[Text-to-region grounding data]
·····

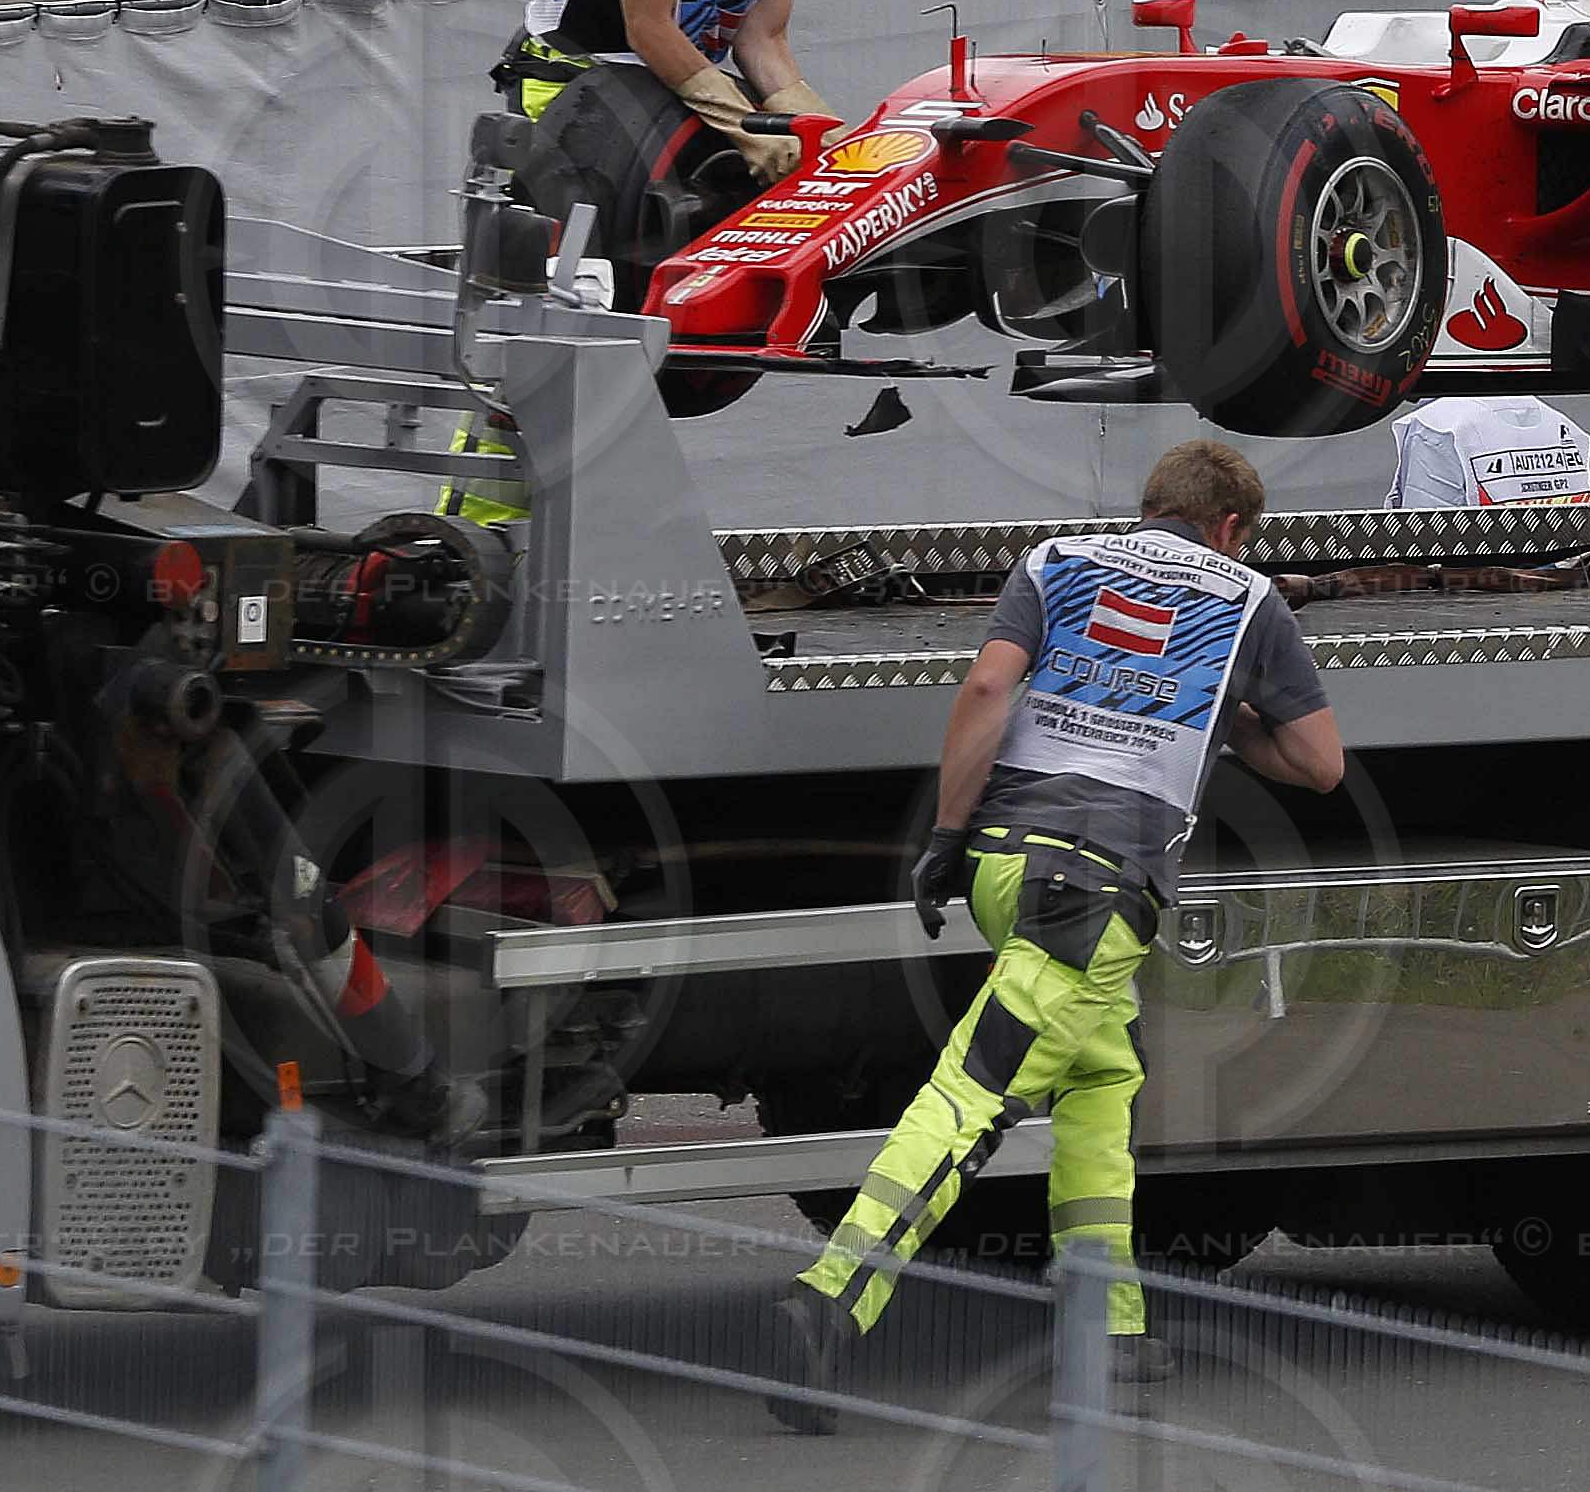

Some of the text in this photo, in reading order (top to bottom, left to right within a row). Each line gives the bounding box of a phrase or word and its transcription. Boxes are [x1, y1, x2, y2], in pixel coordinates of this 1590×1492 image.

[796, 180, 874, 195] TNT
[710, 230, 812, 245] MAHLE
[822, 176, 924, 271] KASPERSKY
[1049, 648, 1180, 701] COURSE
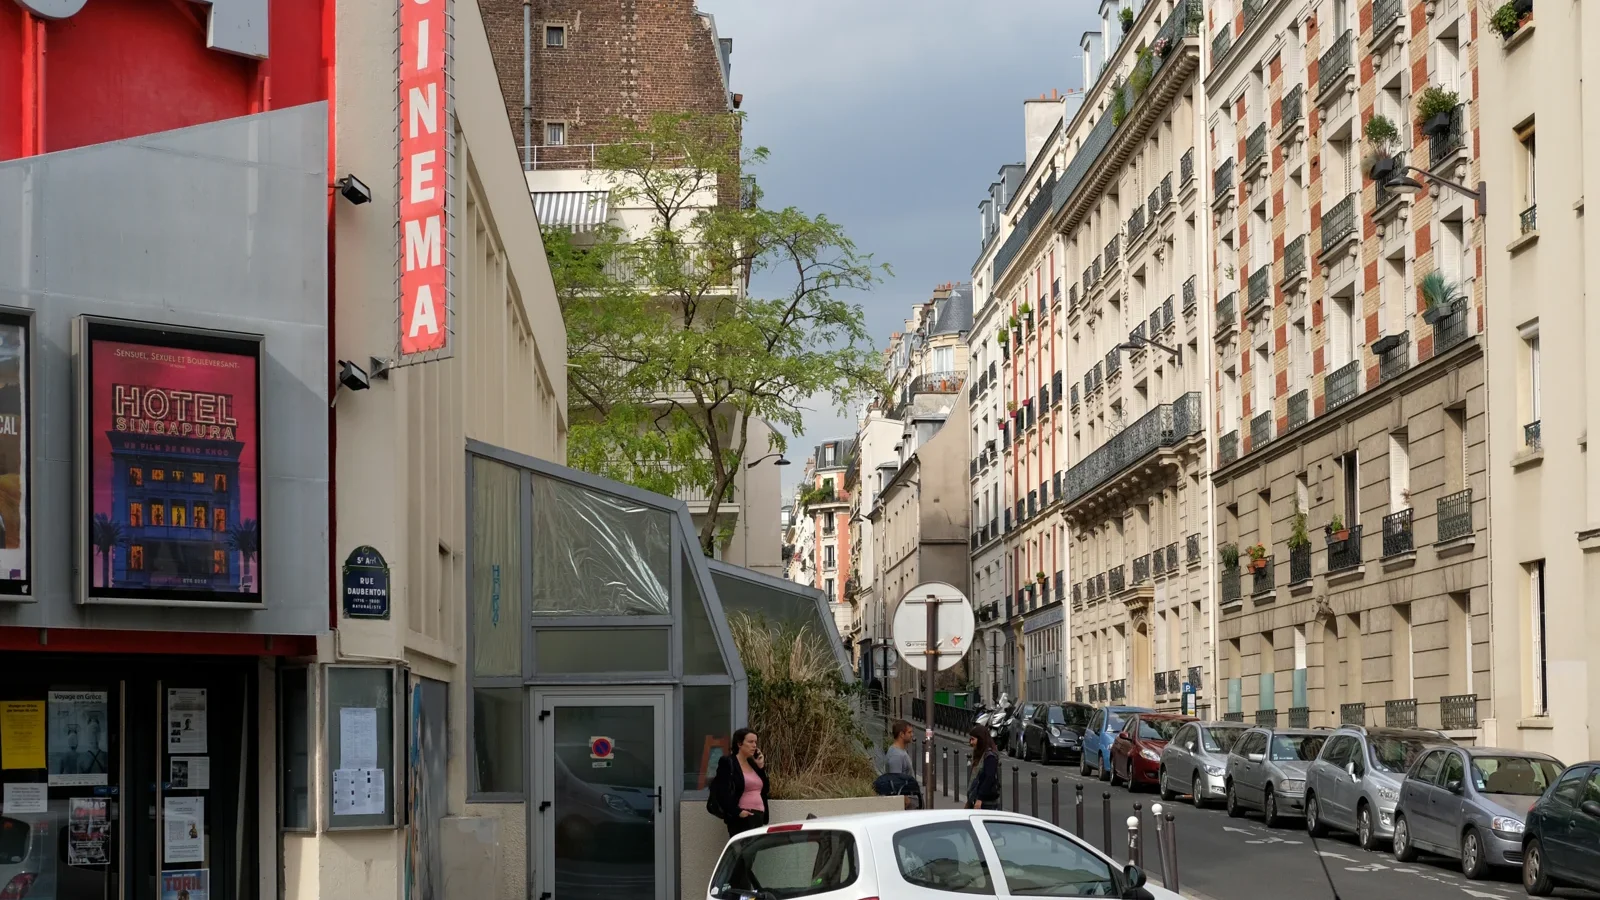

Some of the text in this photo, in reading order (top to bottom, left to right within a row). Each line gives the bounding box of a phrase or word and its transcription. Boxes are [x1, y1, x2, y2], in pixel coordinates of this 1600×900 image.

[405, 0, 441, 337] INEMA
[151, 352, 176, 363] SEXUEL
[115, 385, 237, 426] HOTEL
[116, 416, 235, 440] SINGAPURA
[348, 588, 386, 596] DAUBENTON
[164, 876, 203, 891] TORIL

·····

What is expected — Pictures aside, retype all of the entries word for word.

Answer to this task —
Some of the text in this photo, in reading order (top to bottom, left to right within a row). Each line gives the bounding box of a phrase or word and its transcription. Boxes are [x1, y1, x2, y2], in pixel coordinates of this 1590×1492 image.

[796, 180, 874, 195] TNT
[710, 230, 812, 245] MAHLE
[822, 176, 924, 271] KASPERSKY
[1049, 648, 1180, 701] COURSE

Some of the text in this photo, in reading order (top to bottom, left to right within a row). Each line gives the bounding box of a phrase or word and its transcription. Boxes are [x1, y1, x2, y2], in pixel coordinates of this 1600×900 image.

[405, 0, 441, 337] INEMA
[151, 352, 176, 363] SEXUEL
[115, 385, 237, 426] HOTEL
[116, 416, 235, 440] SINGAPURA
[348, 588, 386, 596] DAUBENTON
[164, 876, 203, 891] TORIL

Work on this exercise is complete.